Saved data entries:
:::::
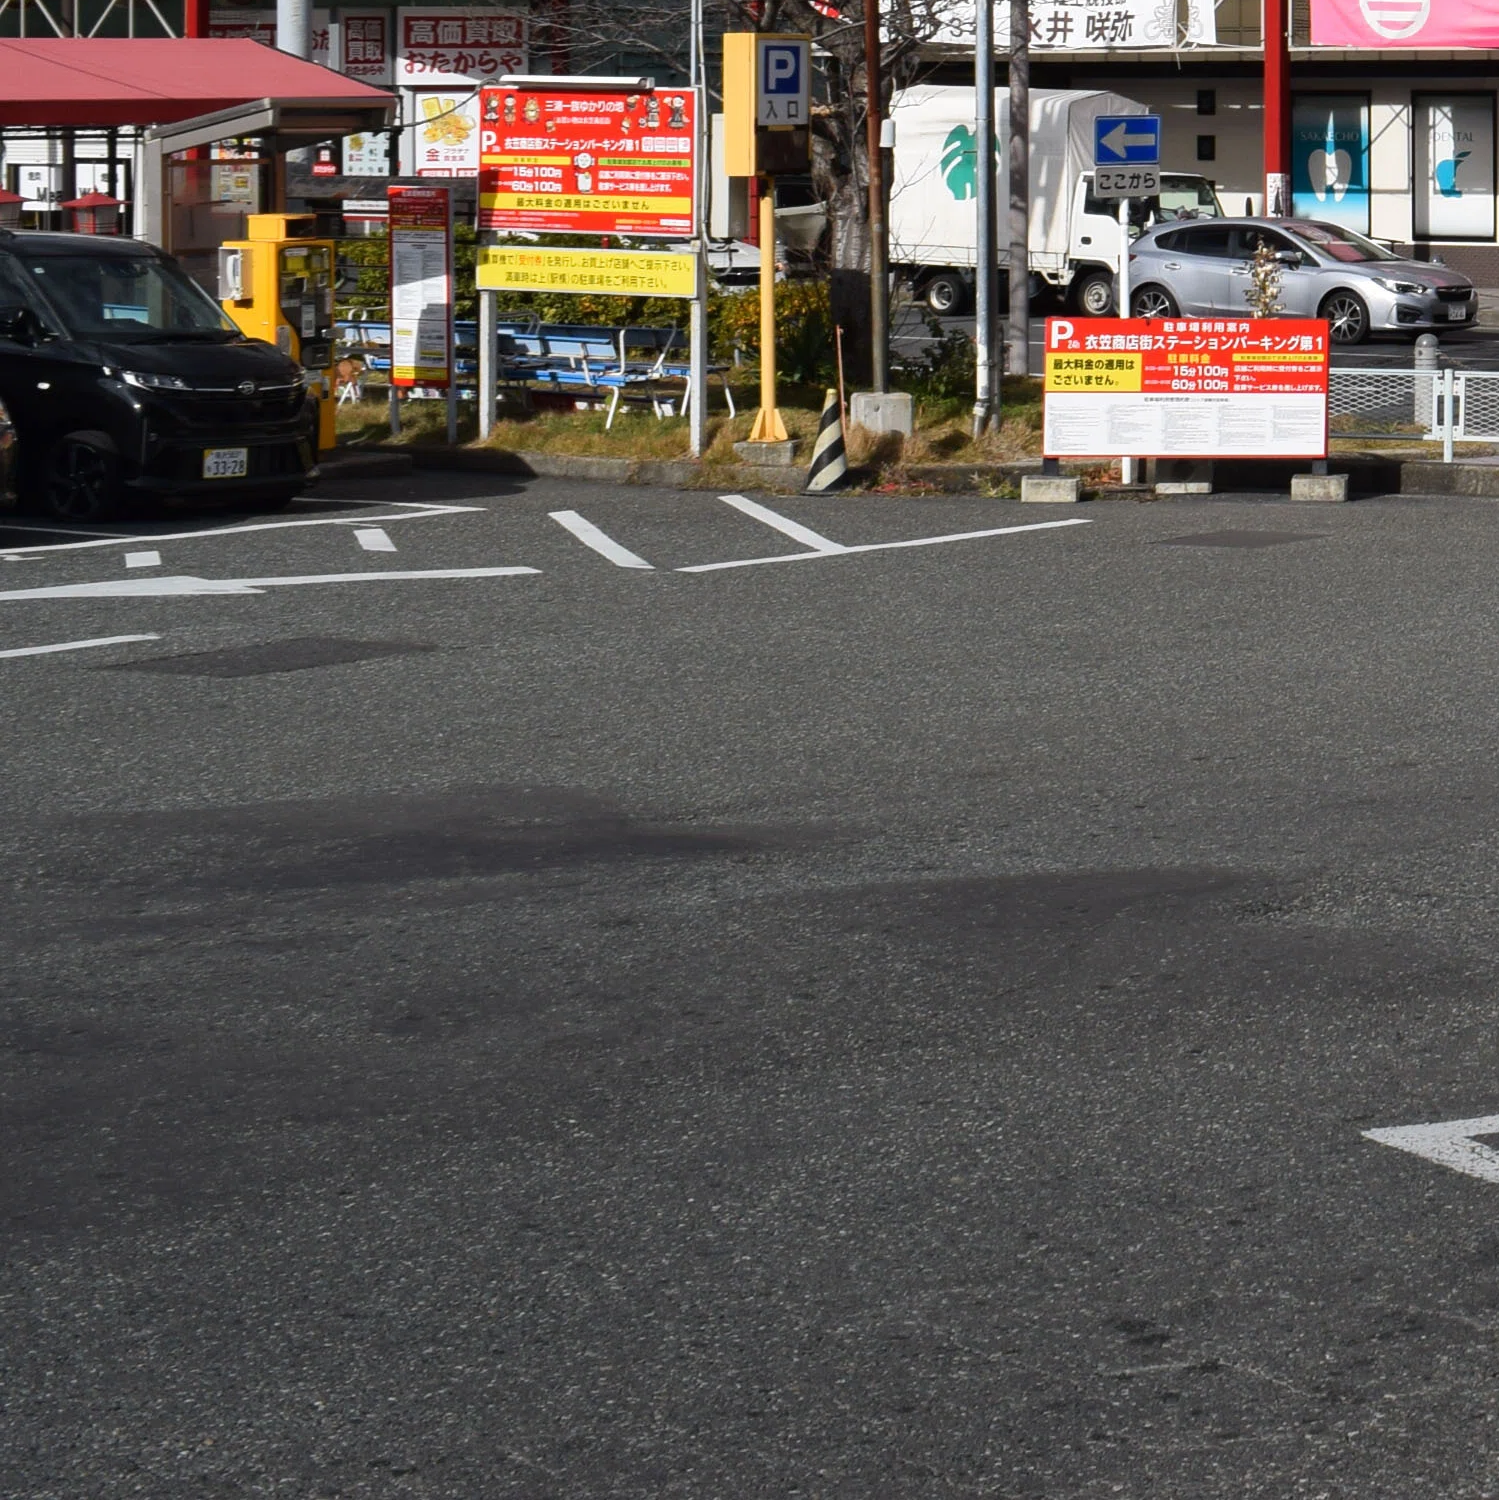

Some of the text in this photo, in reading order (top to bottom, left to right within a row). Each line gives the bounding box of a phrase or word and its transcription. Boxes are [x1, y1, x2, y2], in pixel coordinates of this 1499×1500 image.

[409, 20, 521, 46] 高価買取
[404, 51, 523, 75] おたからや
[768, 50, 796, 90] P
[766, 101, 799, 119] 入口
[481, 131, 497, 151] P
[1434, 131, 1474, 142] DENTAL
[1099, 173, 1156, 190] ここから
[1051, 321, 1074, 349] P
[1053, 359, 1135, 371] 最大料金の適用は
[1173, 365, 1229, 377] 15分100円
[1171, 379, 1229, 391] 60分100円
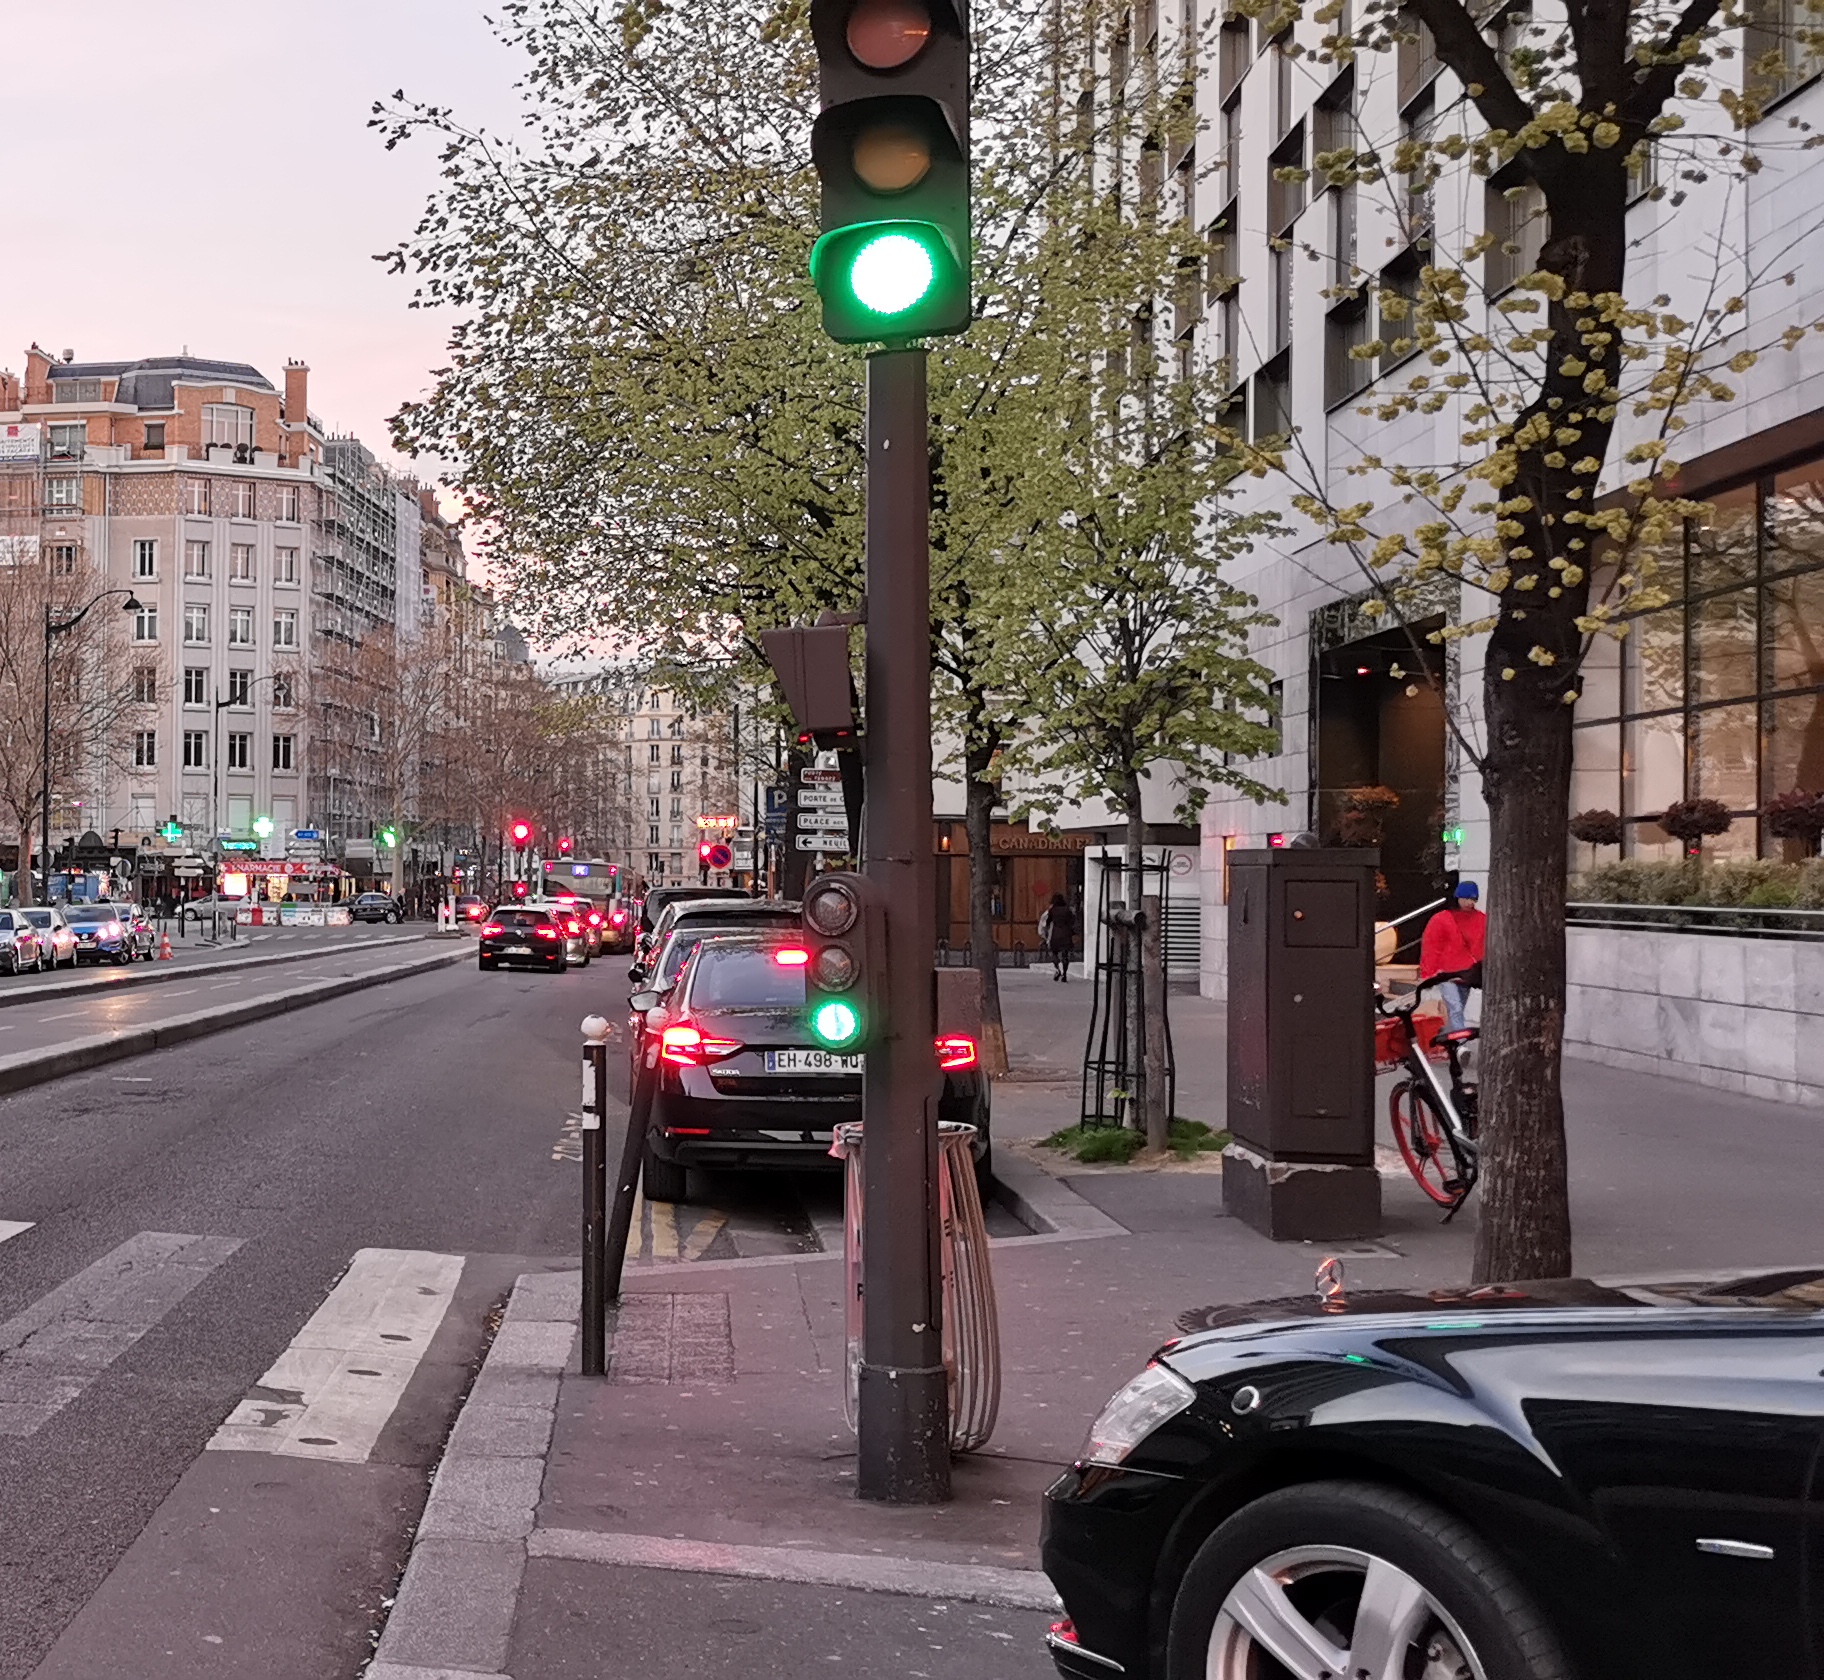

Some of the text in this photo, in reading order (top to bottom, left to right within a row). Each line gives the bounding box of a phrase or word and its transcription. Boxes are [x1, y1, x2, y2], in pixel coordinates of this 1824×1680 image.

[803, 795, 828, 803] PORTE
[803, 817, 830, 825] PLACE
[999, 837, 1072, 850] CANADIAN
:::::
YOUR ASSIGNMENT:
Every line above is to be repeated exactly, but no picture is to appear in the copy.

RESPONSE:
Some of the text in this photo, in reading order (top to bottom, left to right within a row). Each line gives the bounding box of a phrase or word and its transcription. Boxes are [x1, y1, x2, y2], in pixel coordinates of this 1499×1500 image.

[409, 20, 521, 46] 高価買取
[404, 51, 523, 75] おたからや
[768, 50, 796, 90] P
[766, 101, 799, 119] 入口
[481, 131, 497, 151] P
[1434, 131, 1474, 142] DENTAL
[1099, 173, 1156, 190] ここから
[1051, 321, 1074, 349] P
[1053, 359, 1135, 371] 最大料金の適用は
[1173, 365, 1229, 377] 15分100円
[1171, 379, 1229, 391] 60分100円

Some of the text in this photo, in reading order (top to bottom, left to right within a row). Each line gives the bounding box of a phrase or word and its transcription. Boxes are [x1, y1, x2, y2], in pixel coordinates of this 1824×1680 image.

[803, 795, 828, 803] PORTE
[803, 817, 830, 825] PLACE
[999, 837, 1072, 850] CANADIAN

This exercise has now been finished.